# Am I the only one having issues with the new 2 waitlist policy?



## FLDVCFamily (Nov 6, 2009)

We recently had to bank DVC points for the first time ever.  We live a whopping 1.5 hour drive from Disney, so you can see why having the points to bank is odd.  Anyways, we found it impossible to get the 2 bedroom that we needed for Thanksgiving despite trying from a pretty early date (granted, not 11 months out, but early).  

I actually think that we would have gotten our 2 bedroom if we were still allowed to waitlist all of the resorts.  Being limited to 2 waitlists caused us to have to call frequently to see if there was anything available.  We grabbed 1 night at SSR but the other 2 nights never came up on the waitlist.  We banked the points right before our banking deadline and now we have no idea what we will do with them next year seeing as we can't seem to get what we need anymore.  Again, we never had this issue until they limited members to 2 active waitlists at any given time.  We're giving DVC one more year and then selling our points if we continue to have this problem.  Does anyone else really hate the new 2 waitlist thing?

FWIW, we just got the nights that we were looking for in a 2 bedroom at Bonnet Creek for a fraction of our yearly Wyndham points allottment  We may just sell DVC and buy more really cheap Wyndham resale contracts since BC is just as good if not better than DVC.  Between DVC switching over to RCI and putting out inventory for trade that I can't get as a member and then reducing us to 2 waitlists to boot I think we may give up and sell our DVC points.  I used to be such a DVC fan but I'm losing the love.


----------



## Carl D (Nov 7, 2009)

When you book a busy holiday you may very well need to book closer to the 11 month window.
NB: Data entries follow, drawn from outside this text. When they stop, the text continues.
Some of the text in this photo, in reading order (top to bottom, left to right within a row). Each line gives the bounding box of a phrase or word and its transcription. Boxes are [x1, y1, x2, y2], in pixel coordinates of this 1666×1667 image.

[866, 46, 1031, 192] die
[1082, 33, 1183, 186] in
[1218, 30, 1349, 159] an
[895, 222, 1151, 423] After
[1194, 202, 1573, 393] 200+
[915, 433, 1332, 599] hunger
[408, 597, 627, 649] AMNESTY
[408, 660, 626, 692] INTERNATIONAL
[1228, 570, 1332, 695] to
How far out did you try to book? SSR should not be a problem for any time of year if you book close to 11 months.

To your original question, no, I'm not a fan of the new waitlist protocol. I have never used it, but it looks like they screwed it up.  

Bottom line- Book early and there will be no need to be concerned about waitlists.


----------



## littlestar (Nov 7, 2009)

That's great that you were able to grab Bonnet Creek. We're supposed to stay there in May and I'm excited about comparing it to DVC. I guess if you like Bonnet Creek as well as DVC it would sure free up a lot of cash to just sell the DVC and buy Bonnet Creek instead.   When you say you got Bonnet Creek for a fraction of your yearly points, did you get a break on the points required for the Thanksgiving reservation by booking within 60 days of check-in? 
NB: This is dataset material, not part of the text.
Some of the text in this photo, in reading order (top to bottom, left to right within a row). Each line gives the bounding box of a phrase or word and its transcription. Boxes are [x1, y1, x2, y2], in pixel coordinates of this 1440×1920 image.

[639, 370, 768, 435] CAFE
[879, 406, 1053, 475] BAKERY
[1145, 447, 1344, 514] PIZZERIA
My SSR waitlists have always came through for me so far. I figure it's big enough that I've got a decent shot at it. *But *I haven't waitlisted a holiday week since the changeover to RCI or the change to the DVC waitlist. There does seem to be a lot more complaints from members not being able to book stays which is really quite sad.


----------



## Twinkstarr (Nov 7, 2009)

Carl D said:


> When you book a busy holiday you may very well need to book closer to the 11 month window. How far out did you try to book? SSR should not be a problem for any time of year if you book close to 11 months.
> 
> To your original question, no, I'm not a fan of the new waitlist protocol. I have never used it, but it looks like they screwed it up.
> 
> Bottom line- Book early and there will be no need to be concerned about waitlists.



I book SSR at the 11 month window for Thanksgiving and haven't had a problem with a 2br or a GV.
This will be our 4th Thanksgiving at SSR and haven't had a problem.
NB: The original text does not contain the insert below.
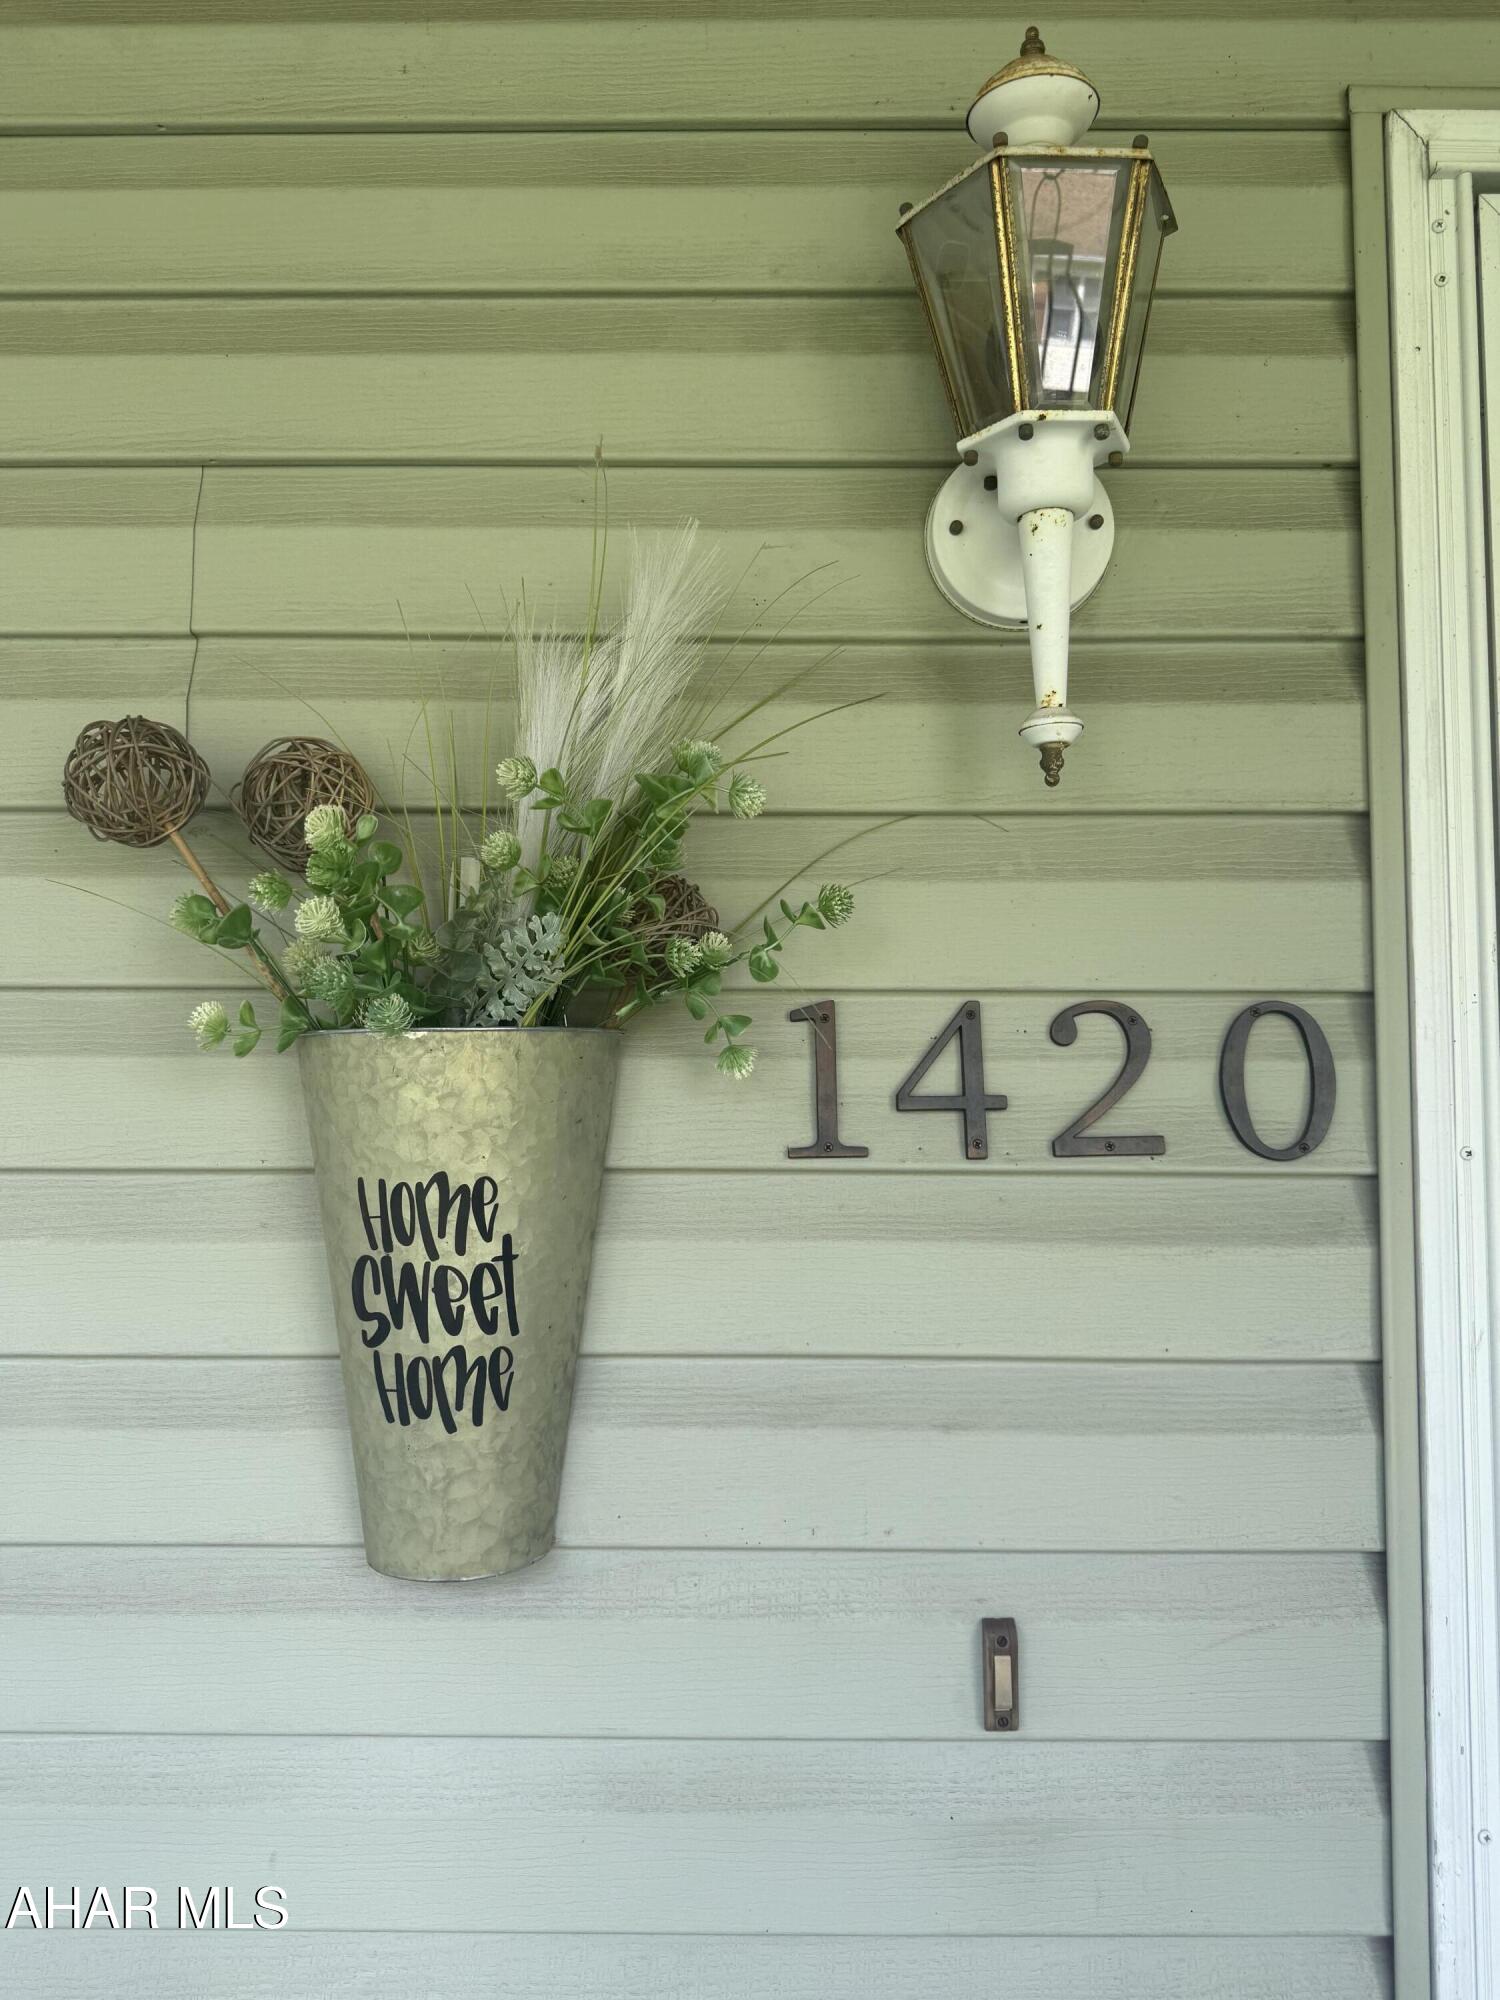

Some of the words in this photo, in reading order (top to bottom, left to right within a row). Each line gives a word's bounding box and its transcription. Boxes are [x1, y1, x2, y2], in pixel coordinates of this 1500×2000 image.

I've not used the new waitlist, though I might have to try it at 7 months for MLK weekend 2011 because I want a MK view 2br at BLT. But to better my chances I will be on the phone 9am on whatever date my 7 month window opens. 

I even get 2brs at VB(only 18 dedicated 2brs) for Easter with no problem, but I do call at 11 months.


----------



## FLDVCFamily (Nov 7, 2009)

littlestar said:


> That's great that you were able to grab Bonnet Creek. We're supposed to stay there in May and I'm excited about comparing it to DVC. I guess if you like Bonnet Creek as well as DVC it would sure free up a lot of cash to just sell the DVC and buy Bonnet Creek instead.   When you say you got Bonnet Creek for a fraction of your yearly points, did you get a break on the points required for the Thanksgiving reservation by booking within 60 days of check-in?
> 
> My SSR waitlists have always came through for me so far. I figure it's big enough that I've got a decent shot at it. *But *I haven't waitlisted a holiday week since the changeover to RCI or the change to the DVC waitlist. There does seem to be a lot more complaints from members not being able to book stays which is really quite sad.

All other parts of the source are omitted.